In ratio (MA × VA)/(MB × VB) of big drop and the quantity of motion of droplet, the impact land is depended on until between medium 7
Gap the distance between (3 nozzle face with the surface of medium 7) L.In addition, if number N of the 2nd drive signal PB becomes many and becomes
Become N >=3, then the final tendency for merging number of times increase is produced, so the problem of landing positions skew is more notable compared with other.
Therefore, in the case that number N of the 2nd drive signal PB for applying in 1 pixel period T is N >=3, preferably
Until at least have left the position of (MA × VA)/(MB × VB) × L from nozzle, do not make based on finally applying in 1 pixel period T
Plus the drop 100 of the 1st drive signal PA and formed based on the drop 200 of the 2nd drive signal PB for applying before it
Merge drop.That is, drop 100 and drop 200 are more than conjunction after have left the position of (MA × VA)/(MB × VB) × L from nozzle
And or in an overlapping manner land on medium 7.
Landing positions thereby, it is possible to suppress each gray scale offset.Alternatively, it is also possible to avoid unnecessarily increasing at 1
The speed of the drop 100 of the last discharge in pixel period T, so can also suppress further to produce appurtenance.
In the above description, as 3, shearing becomes exemplified with the next door 32 for making between adjacent passage 31,31
The head of shape is set to the pressure generating unit being made up of piezoelectric elements such as PZT simultaneously but it is also possible to be by the upper wall of passage or lower wall
Make the upper wall or lower wall that the head of detrusion to occur.
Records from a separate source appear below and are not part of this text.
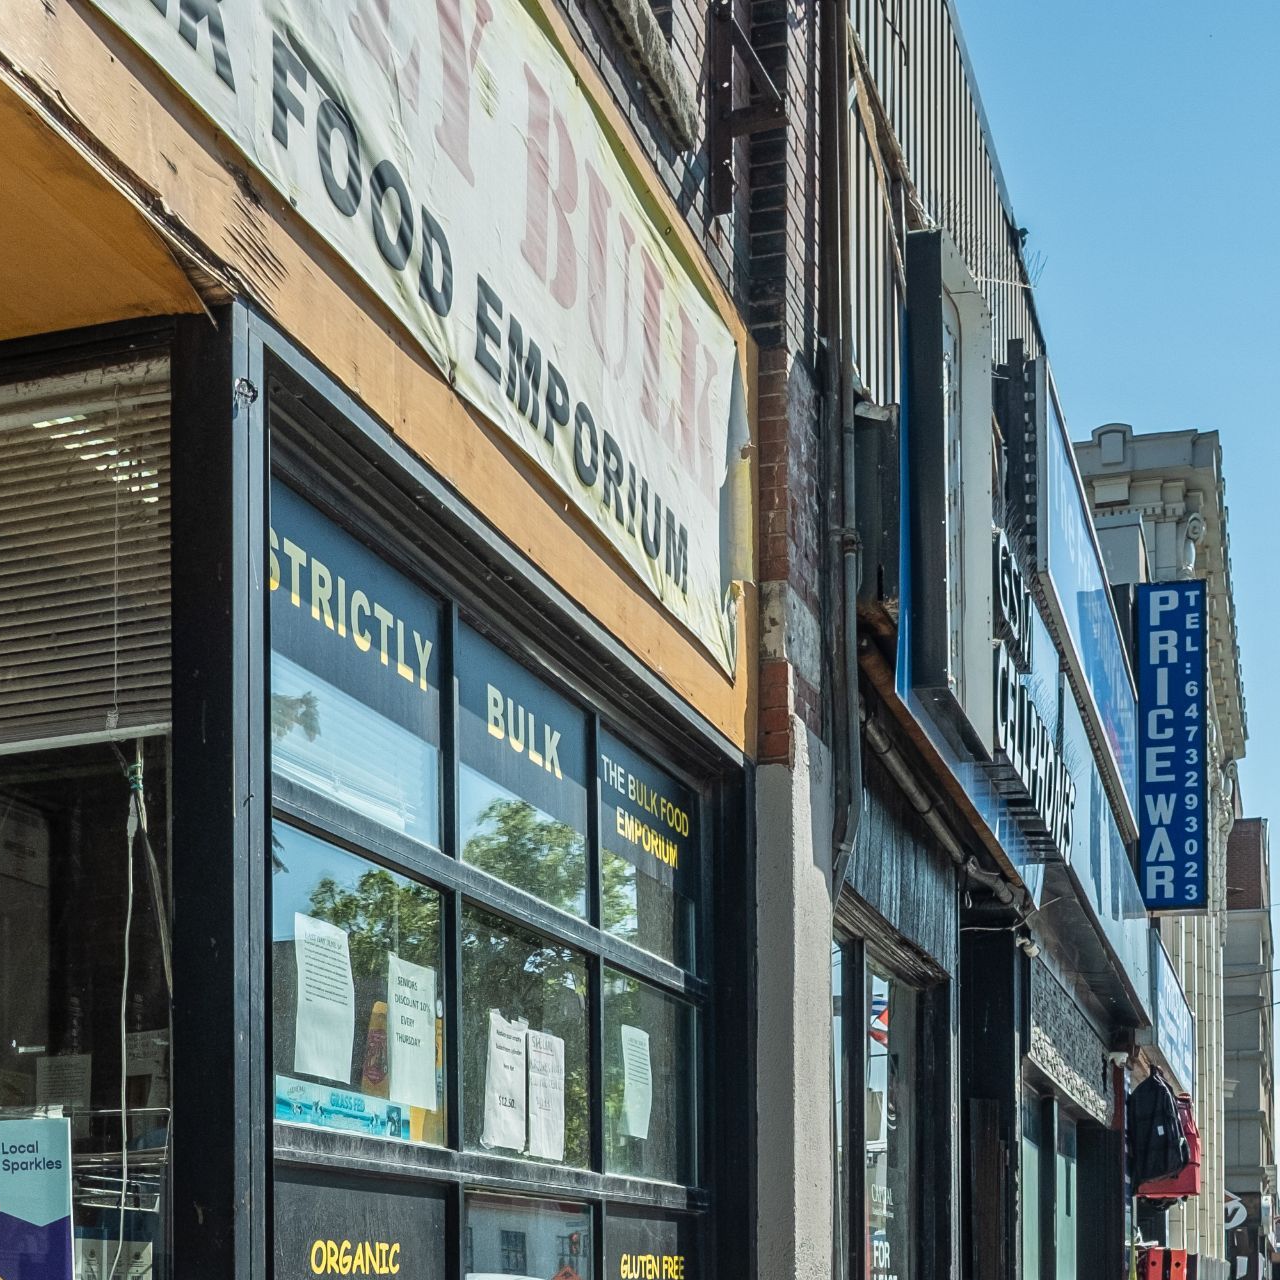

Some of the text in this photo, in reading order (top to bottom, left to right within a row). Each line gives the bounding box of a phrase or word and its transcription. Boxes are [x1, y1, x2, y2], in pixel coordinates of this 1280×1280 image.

[521, 61, 720, 507] BULK
[271, 28, 690, 595] FOOD EMPORIUM
[487, 683, 563, 780] BULK
[1145, 590, 1179, 899] PRICE WAR
[601, 753, 690, 838] THE BULK FOOD
[616, 806, 679, 870] EMPORIUM
[397, 976, 418, 991] SENIORS
[394, 995, 420, 1010] DISCOUNT
[400, 1016, 415, 1028] EVERY
[396, 1032, 421, 1047] THURSDAY
[1, 1141, 39, 1156] Local
[1, 1155, 63, 1174] Sparkles
[310, 1240, 401, 1275] ORGANIC
[620, 1254, 685, 1280] GLUTEN FREE
[873, 1240, 891, 1268] FOR
In addition, the ink gun in the present invention is not limited to shear mode-type completely.For example, it is also possible to be formed by oscillating plate
One wall of pressure chamber simultaneously makes the vibration panel vibration come to pressure chamber by the pressure generating unit being made up of piezoelectric elements such as PZT
Interior ink gives the ink gun of the type for the pressure that discharges.
Embodiment
Hereinafter, embodiments of the invention are described, but the invention is not restricted to the embodiment.
(embodiment 1)
Prepare the ink gun (diameter=24 μm of nozzle, AL=3.7 μ s) of the shear mode-type shown in Fig. 2.As ink,
At 40 DEG C using UV atherosclerotic type ink.The viscosity of ink now is 0.01Pa s.As medium, using ink-jet paper,
Gap L between dielectric surface and nozzle face is set to 1.5mm.
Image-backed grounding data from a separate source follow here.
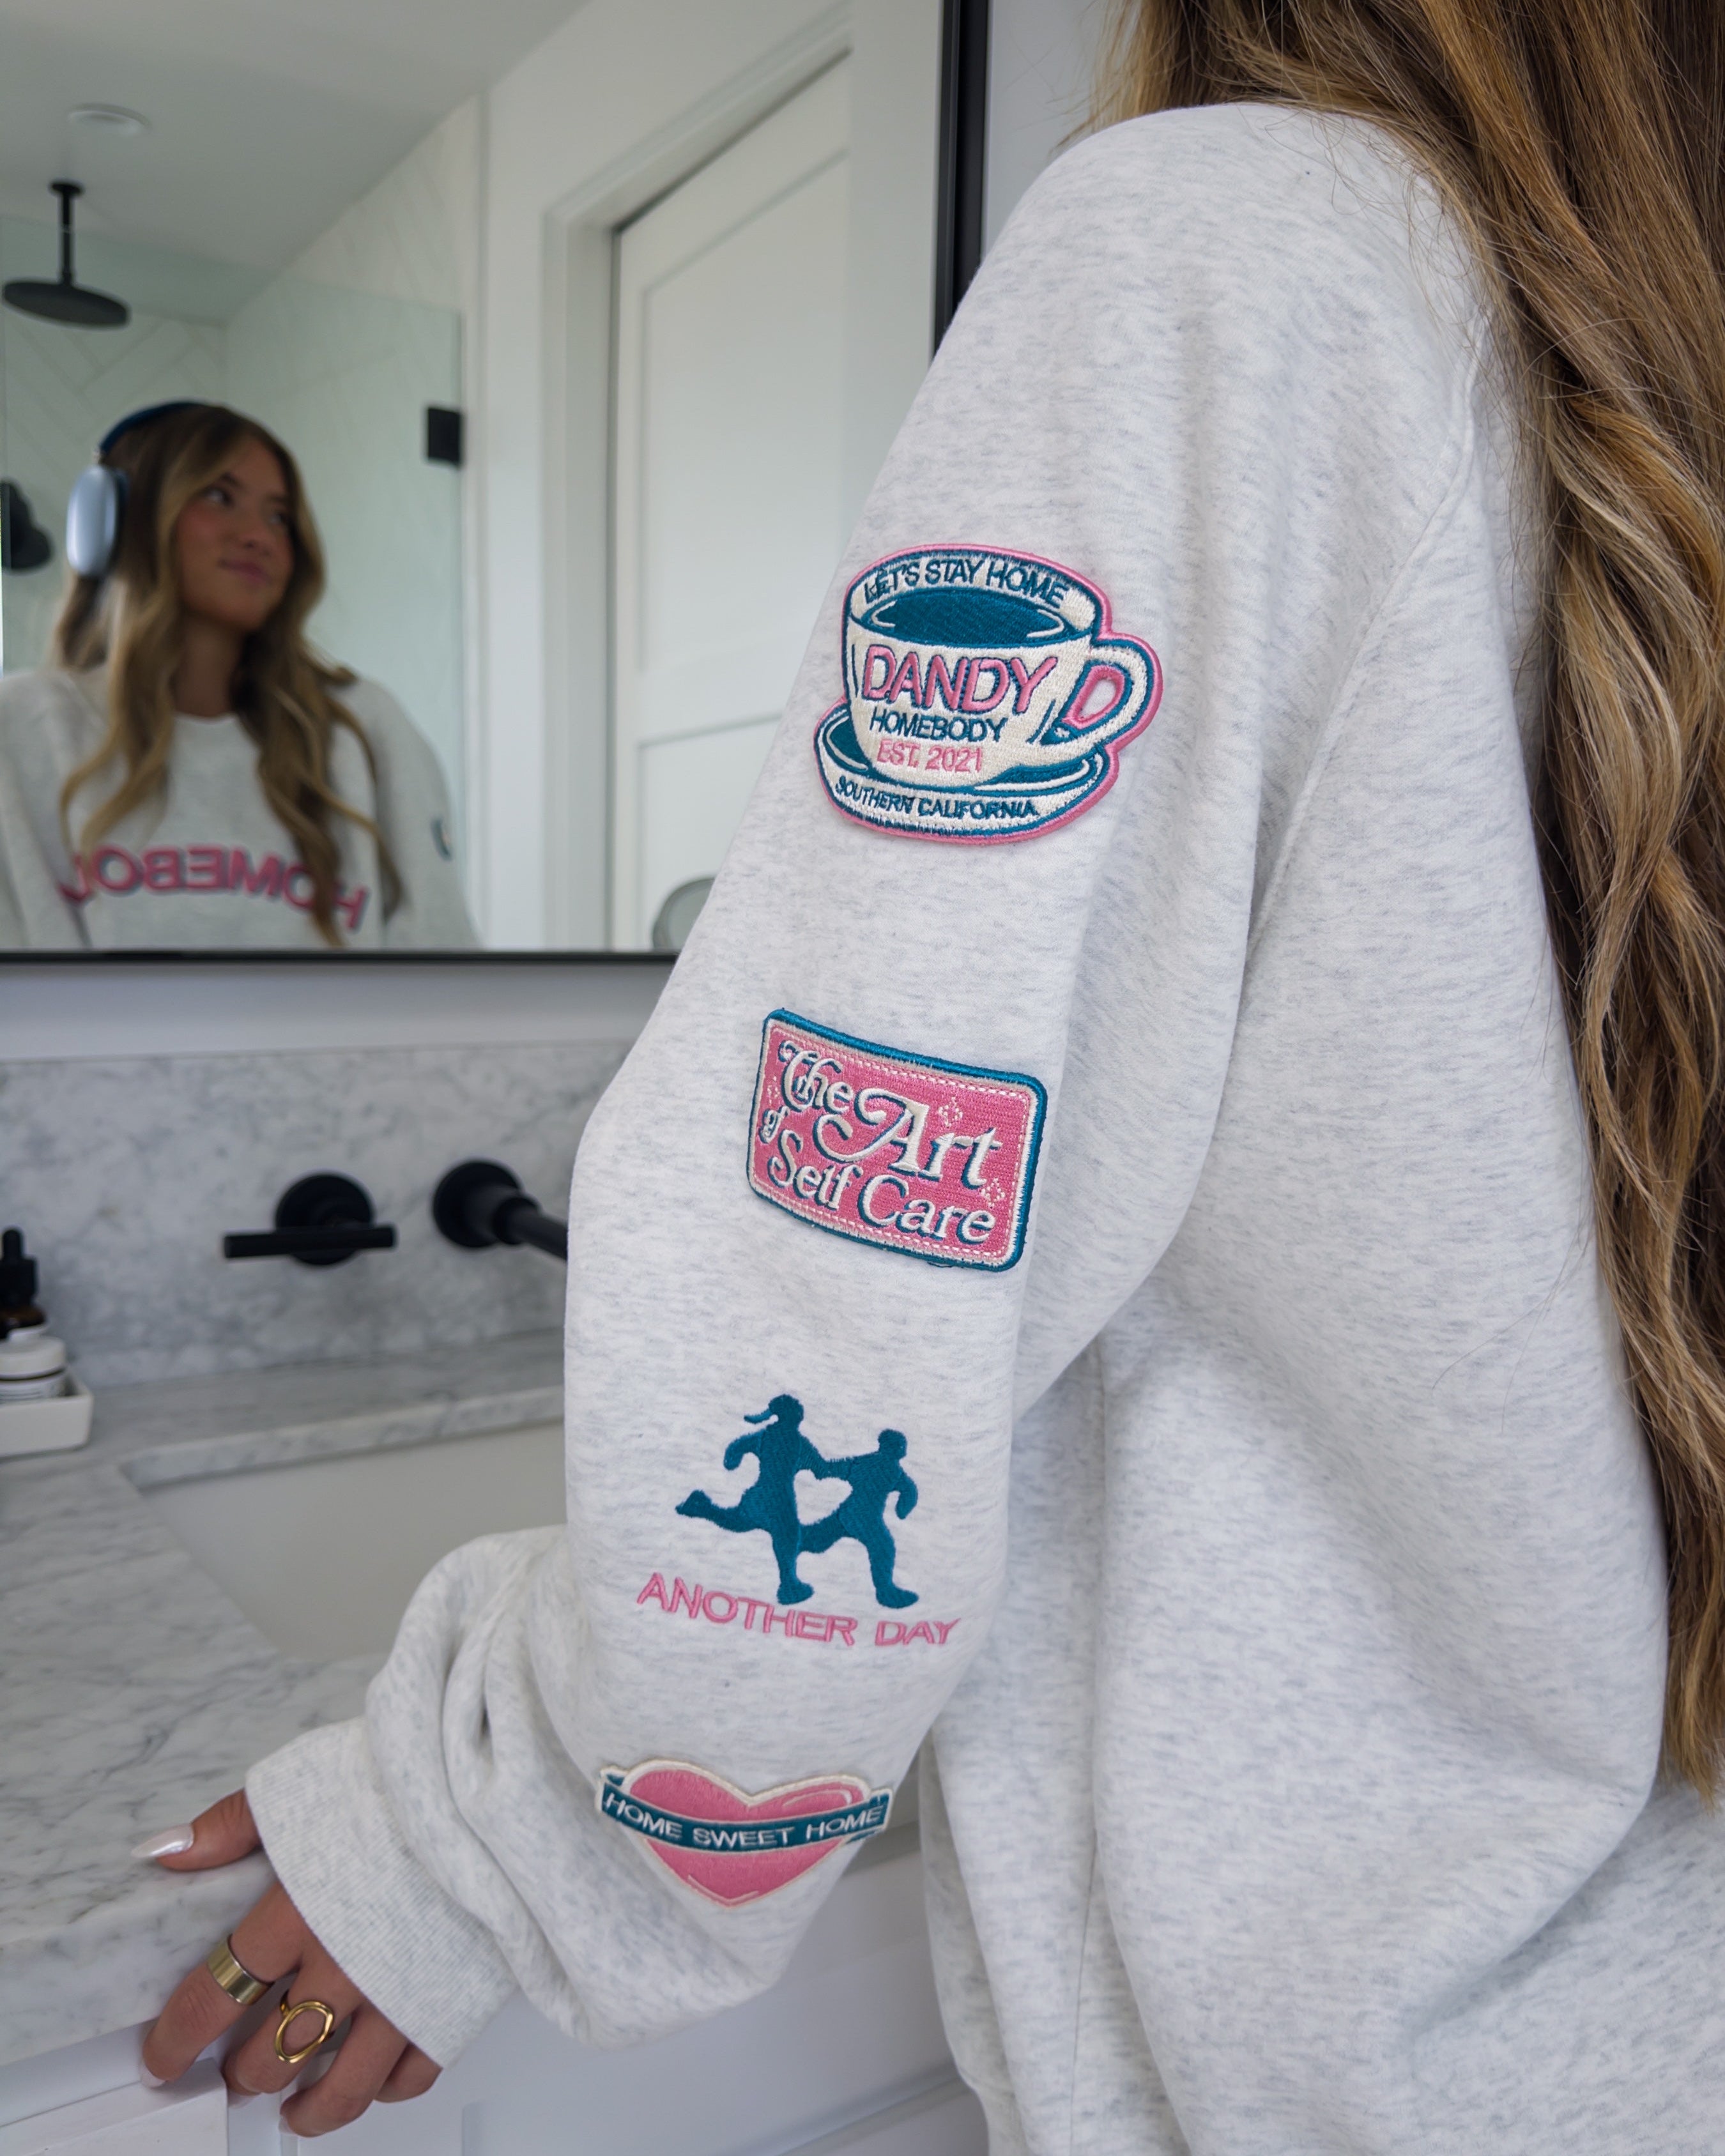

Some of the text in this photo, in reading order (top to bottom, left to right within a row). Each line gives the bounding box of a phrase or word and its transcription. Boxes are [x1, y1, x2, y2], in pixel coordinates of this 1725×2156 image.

[865, 559, 1068, 609] LET'S STAY HOME
[863, 645, 1057, 713] DANDY
[870, 708, 1006, 742] HOMEBODY
[924, 747, 983, 772] 2021
[836, 776, 1039, 820] SOUTHERN CALIFORNIA
[778, 1040, 1004, 1189] The Art
[768, 1129, 996, 1243] Self Care
[636, 1571, 961, 1646] ANOTHER DAY
[606, 1792, 884, 1849] HOME SWEET HOME
As the 1st drive waveforms, using the 1st drive waveforms PA of the square wave shown in Fig. 4 (a), ripple is driven as the 2nd
Shape, using the 2nd drive waveforms PB of the square wave shown in Fig. 4 (b).Each pulse width and drive cycle are as described below.
<1st drive waveforms PA>
Pulse width PWA1=3.7 μ s (1AL) of expansion pulse Pa1
Shrink pulse width PWA2=7.4 μ s (2AL) of pulse Pa2
Drive cycle TA=26 μ s (7AL)
Additionally, between expansion pulse Pa1 and contraction pulse Pa2, being provided with stopping period for 0.5 μ s (below 1/4AL)
PWA3.
<2nd drive waveforms PB>
Pulse width PWB1=2.4 μ s (0.65AL) of the 1st expansion pulse Pb1
1st pulse width PWB2=1.8 μ s (0.5AL) for shrinking pulse Pb2
Pulse width PWB3=3.7 μ s (1AL) of the 2nd expansion pulse Pb3
2nd pulse width PWB4=7.4 μ s (2AL) for shrinking pulse Pb4
Drive cycle TB=18.5 μ s (5AL)
The reference potential of the 1st drive signal PA and the 2nd drive signal PB is set to 0 current potential, expansion pulse (Pa1, Pb1,
Pb3 magnitude of voltage (| Von |)) is 11V, and the magnitude of voltage (| Voff |) for shrinking pulse (Pa2, Pb2, Pb4) is constant for 5.5V.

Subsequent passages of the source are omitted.